=== Data to process ===
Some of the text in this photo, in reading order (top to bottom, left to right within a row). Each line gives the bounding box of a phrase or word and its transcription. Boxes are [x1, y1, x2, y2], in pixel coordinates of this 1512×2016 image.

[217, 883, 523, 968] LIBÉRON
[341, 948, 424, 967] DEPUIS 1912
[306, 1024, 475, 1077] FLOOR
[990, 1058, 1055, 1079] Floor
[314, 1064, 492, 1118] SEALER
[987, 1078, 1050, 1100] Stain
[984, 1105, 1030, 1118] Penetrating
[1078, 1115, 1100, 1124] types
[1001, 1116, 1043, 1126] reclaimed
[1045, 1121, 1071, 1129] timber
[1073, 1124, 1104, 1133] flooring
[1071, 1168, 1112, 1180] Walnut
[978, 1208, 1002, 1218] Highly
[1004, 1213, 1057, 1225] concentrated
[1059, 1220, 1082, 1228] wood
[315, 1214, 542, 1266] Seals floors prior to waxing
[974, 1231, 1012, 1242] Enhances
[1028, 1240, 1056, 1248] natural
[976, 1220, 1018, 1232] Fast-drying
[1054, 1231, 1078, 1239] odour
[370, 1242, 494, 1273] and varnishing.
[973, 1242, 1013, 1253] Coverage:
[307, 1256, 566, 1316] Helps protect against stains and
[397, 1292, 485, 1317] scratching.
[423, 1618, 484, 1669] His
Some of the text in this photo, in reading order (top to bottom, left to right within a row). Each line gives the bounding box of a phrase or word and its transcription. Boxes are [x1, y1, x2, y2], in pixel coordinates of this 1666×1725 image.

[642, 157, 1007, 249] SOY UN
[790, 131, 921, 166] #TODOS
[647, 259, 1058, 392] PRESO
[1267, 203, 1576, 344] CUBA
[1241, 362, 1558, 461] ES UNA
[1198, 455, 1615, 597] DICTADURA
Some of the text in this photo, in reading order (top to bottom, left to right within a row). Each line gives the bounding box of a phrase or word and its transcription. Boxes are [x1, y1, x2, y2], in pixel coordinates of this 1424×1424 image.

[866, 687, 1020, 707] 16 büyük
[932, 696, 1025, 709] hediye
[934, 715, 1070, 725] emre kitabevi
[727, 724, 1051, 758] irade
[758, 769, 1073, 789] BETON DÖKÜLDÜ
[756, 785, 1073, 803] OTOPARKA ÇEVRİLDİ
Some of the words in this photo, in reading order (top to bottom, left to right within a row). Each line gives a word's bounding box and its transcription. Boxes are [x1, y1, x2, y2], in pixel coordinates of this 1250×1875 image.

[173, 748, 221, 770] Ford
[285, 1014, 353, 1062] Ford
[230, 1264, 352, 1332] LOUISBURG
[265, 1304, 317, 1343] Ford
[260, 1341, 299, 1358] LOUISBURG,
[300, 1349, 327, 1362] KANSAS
===
Return only this span, exactly: the line that contains "this 1424×1424 image." and all lines after it to the end of the records.

Result of this task
Some of the text in this photo, in reading order (top to bottom, left to right within a row). Each line gives the bounding box of a phrase or word and its transcription. Boxes are [x1, y1, x2, y2], in pixel coordinates of this 1424×1424 image.

[866, 687, 1020, 707] 16 büyük
[932, 696, 1025, 709] hediye
[934, 715, 1070, 725] emre kitabevi
[727, 724, 1051, 758] irade
[758, 769, 1073, 789] BETON DÖKÜLDÜ
[756, 785, 1073, 803] OTOPARKA ÇEVRİLDİ
Some of the words in this photo, in reading order (top to bottom, left to right within a row). Each line gives a word's bounding box and its transcription. Boxes are [x1, y1, x2, y2], in pixel coordinates of this 1250×1875 image.

[173, 748, 221, 770] Ford
[285, 1014, 353, 1062] Ford
[230, 1264, 352, 1332] LOUISBURG
[265, 1304, 317, 1343] Ford
[260, 1341, 299, 1358] LOUISBURG,
[300, 1349, 327, 1362] KANSAS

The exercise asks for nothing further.